If $h-2a \neq 0$, we can divide by $4(h-2a)$:
$a\frac{h-2a}{k^2} = 1 \implies k^2 = a(h-2a)$.

If $h-2a = 0$, then $h=2a$. From $aS^2 = 4h-8a$, we get $aS^2 = 4(2a)-8a=0$, so $S=0$.
From $2h-4a=kS$, we get $2(2a)-4a=k(0)$, which is $0=0$.
From Equation 1: $\frac{a}{4}t_1^3 + (a-h)t_1 = 2k$. Substitute $h=2a$:
$\frac{a}{4}t_1^3 + (a-2a)t_1 = 2k \implies \frac{a}{4}t_1^3 - at_1 = 2k$.
Since $S=t_1+t_2=0$, $t_2=-t_1$. And $t_1 t_2 = -4 \implies t_1(-t_1)=-4 \implies t_1^2=4$.
So $t_1^3 = t_1 \cdot t_1^2 = 4t_1$.
Substituting $t_1^3=4t_1$ into the equation for $k$:
$\frac{a}{4}(4t_1) - at_1 = 2k \implies at_1 - at_1 = 2k \implies 0 = 2k \implies k=0$.
So, when $h=2a$, $k=0$. The point $(2a,0)$ satisfies $k^2 = a(h-2a)$, as $0^2 = a(2a-2a)=0$.
Thus, the locus of the center $(h,k)$ is $k^2 = a(h-2a)$.
Replacing $(h,k)$ with $(x,y)$, the locus is $y^2 = a(x-2a)$.
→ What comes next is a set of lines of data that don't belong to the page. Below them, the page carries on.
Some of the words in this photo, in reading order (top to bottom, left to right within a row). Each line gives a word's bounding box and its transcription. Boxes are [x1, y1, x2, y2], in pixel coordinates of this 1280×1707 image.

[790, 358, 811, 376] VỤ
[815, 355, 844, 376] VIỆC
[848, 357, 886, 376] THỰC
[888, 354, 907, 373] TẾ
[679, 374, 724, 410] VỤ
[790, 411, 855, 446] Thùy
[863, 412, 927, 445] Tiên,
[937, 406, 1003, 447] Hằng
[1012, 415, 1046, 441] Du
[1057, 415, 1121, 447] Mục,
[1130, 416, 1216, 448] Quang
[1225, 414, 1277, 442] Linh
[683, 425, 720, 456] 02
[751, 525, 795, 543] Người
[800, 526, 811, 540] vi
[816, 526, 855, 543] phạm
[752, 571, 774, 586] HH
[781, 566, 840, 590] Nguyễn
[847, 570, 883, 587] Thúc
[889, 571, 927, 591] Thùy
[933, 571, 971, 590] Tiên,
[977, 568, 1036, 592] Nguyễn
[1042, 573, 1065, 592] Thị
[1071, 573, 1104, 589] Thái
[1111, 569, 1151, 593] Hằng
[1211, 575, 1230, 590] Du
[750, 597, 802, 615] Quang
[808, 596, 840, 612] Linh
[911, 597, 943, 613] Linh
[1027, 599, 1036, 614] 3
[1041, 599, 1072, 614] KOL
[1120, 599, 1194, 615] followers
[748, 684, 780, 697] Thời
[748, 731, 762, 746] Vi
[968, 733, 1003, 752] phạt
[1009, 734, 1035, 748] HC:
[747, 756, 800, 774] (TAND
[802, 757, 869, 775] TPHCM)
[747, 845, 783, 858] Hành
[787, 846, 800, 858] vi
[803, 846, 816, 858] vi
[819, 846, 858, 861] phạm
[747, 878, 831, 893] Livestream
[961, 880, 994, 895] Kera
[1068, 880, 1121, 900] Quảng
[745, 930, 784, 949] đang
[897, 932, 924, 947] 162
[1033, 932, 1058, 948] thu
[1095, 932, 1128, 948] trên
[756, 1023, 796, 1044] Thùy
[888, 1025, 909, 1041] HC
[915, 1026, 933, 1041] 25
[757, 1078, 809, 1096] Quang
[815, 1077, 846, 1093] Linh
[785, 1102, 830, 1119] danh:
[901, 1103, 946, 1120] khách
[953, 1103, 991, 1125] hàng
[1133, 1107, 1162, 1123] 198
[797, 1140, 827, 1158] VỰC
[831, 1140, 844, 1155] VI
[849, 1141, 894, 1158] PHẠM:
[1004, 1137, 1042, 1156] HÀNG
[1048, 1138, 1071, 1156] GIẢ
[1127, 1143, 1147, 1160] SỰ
This is the equation of a parabola.
Its vertex is $(2a,0)$.
Its latus rectum is $a$.

The locus of the centre of the circle is the parabola $y^2 = a(x-2a)$.
This parabola has:

• Vertex at $(2a,0)$.
• Latus rectum equal to $a$. Therefore, options (B) and (C) are correct.